Across just four songs, Dwelling Below makes good on its portentous promise. That weird synth that opens “Attraction Vulgarity” begins and I’m already afraid. And the repeating patterns of creeping scales and sudden descents from cacophonous blackened death into crawling doom that follow for the next 37 minutes continue this omnipresent feeling of unease. The particular style of gurgling bellows, cavernously echoing alongside lurching guitar, ringing with dissonance frequently recalls Defacement (“Attraction Vulgarity”), while the snakelike solos and general malevolent aura are reminiscent of Qrixkuor (“Swallowed,” “Sheltered Acceptance”). There’s also plenty of high-strung string manipulation and anxiety-inducing technicality you might expect from the affiliated Acausal Intrusion (“Emergence Sublimation”). These elements come together quite magnificently (by which I of course mean horrifyingly). Naturally slipping from speed to slowness, and from eerie—almost melodious—refrain to densely clustered mania.
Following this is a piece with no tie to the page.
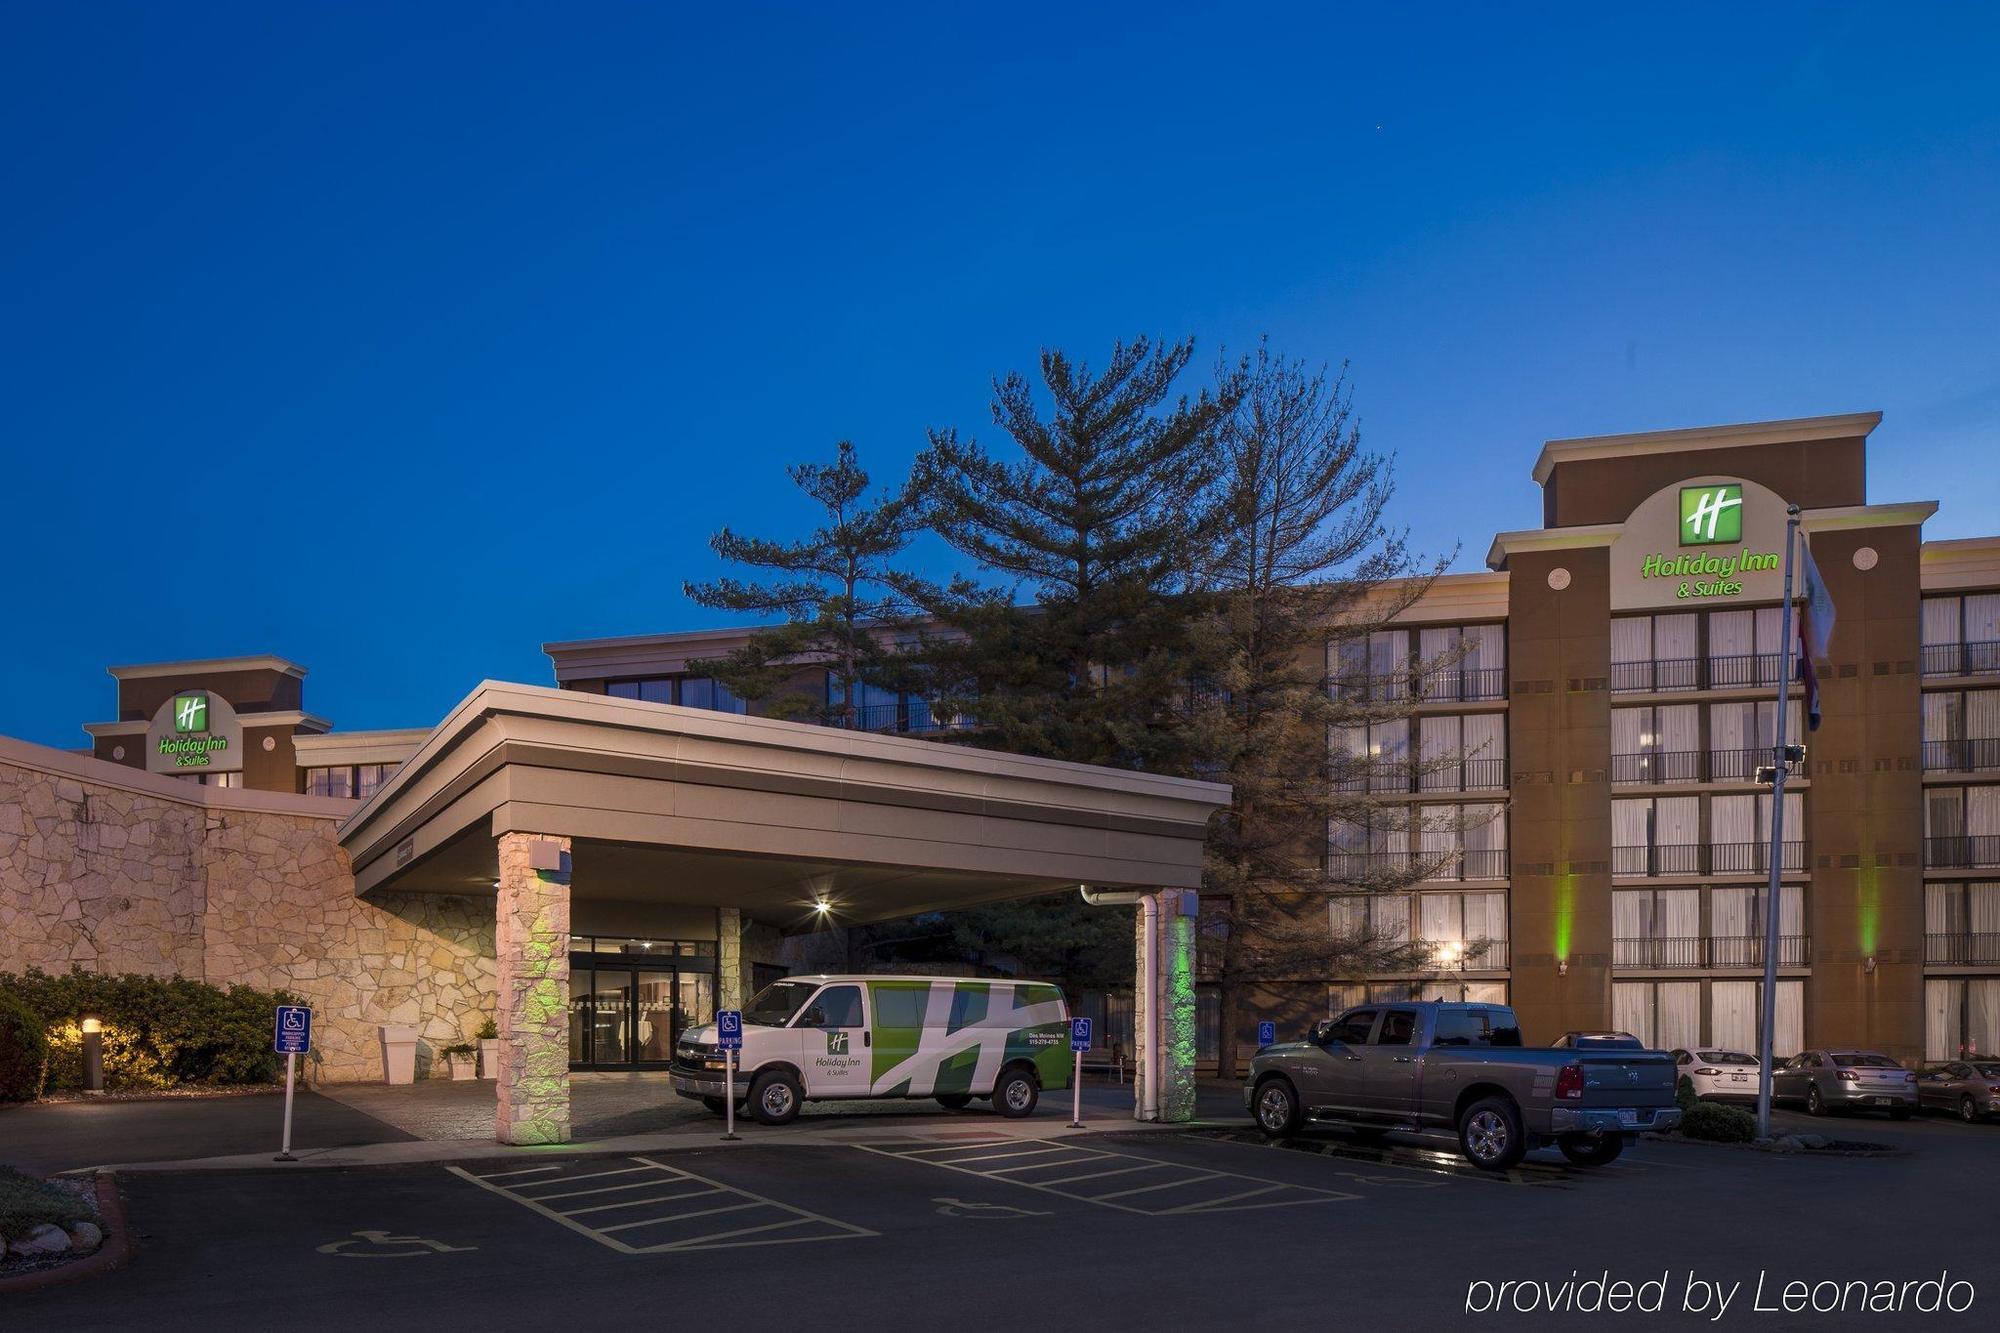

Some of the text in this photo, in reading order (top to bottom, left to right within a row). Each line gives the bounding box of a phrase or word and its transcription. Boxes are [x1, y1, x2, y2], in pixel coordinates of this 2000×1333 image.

Dwelling Below really succeed in crafting songs that feel coherent and parsable whilst still being chaotic, unconventional, and inaccessible. We’re not talking verse-chorus-verse here of course, but the songs each have a somewhat cyclical structure that gives you something to cling onto amidst the snafu. All songs revolve around several central patterns or theme, whether that’s a series of low panic chords (“Swallowed”); a chilling guitar descent (“Emergence Sublimation,” “Sheltered Acceptance”); or returning skids into a ringing, d-beat charge (“Attraction Vulgarity”). The music’s overall unfriendliness causes the rare moments of true melody to break the surface with thrilling immediacy. From the high, churning guitar gradually rising in “Swallowed,” to the mournful descending tremolos in “Emergence Sublimation,” and the genuinely beautiful refrain that arises in “Sheltered Acceptance.” When the guitar solos come, their high pitch, and warped, psychedelic wobble has the effect of a mad cosmic snake twisting over the churning, cavernous depths—mesmerizing (“Attraction Vulgarity,” “Swallowed,” “Sheltered Acceptance”). The whine of feedback and the echo that haunts the beginnings and ends of tracks, likewise adds closure and cohesion, as well as atmosphere, to each piece.
Extreme metal always treads the line between sufficiently intense and too overwhelming, and Dwelling Below gets this just right. It might be dissonant, and wonky, and creepy, but Dwelling Below know exactly when to pull out of the blastbeat spiral for some (equally unnerving) soloing (“Emergence Sublimation”), or haunting death-doom (“Sheltered Acceptance”). A slim 38 minutes, the album is a mad world you’ll gladly return to again and again. Yet while the whole is digestibly short, the songs feel just a bit too long than they ought to be, none dropping below eight minutes and three out of four exceeding nine. Their smooth internal transitions and gripping episodes make for a powerful force as a four. Divide the four songs into six, and these eerie specters would cast an even longer and darker shadow than they already do.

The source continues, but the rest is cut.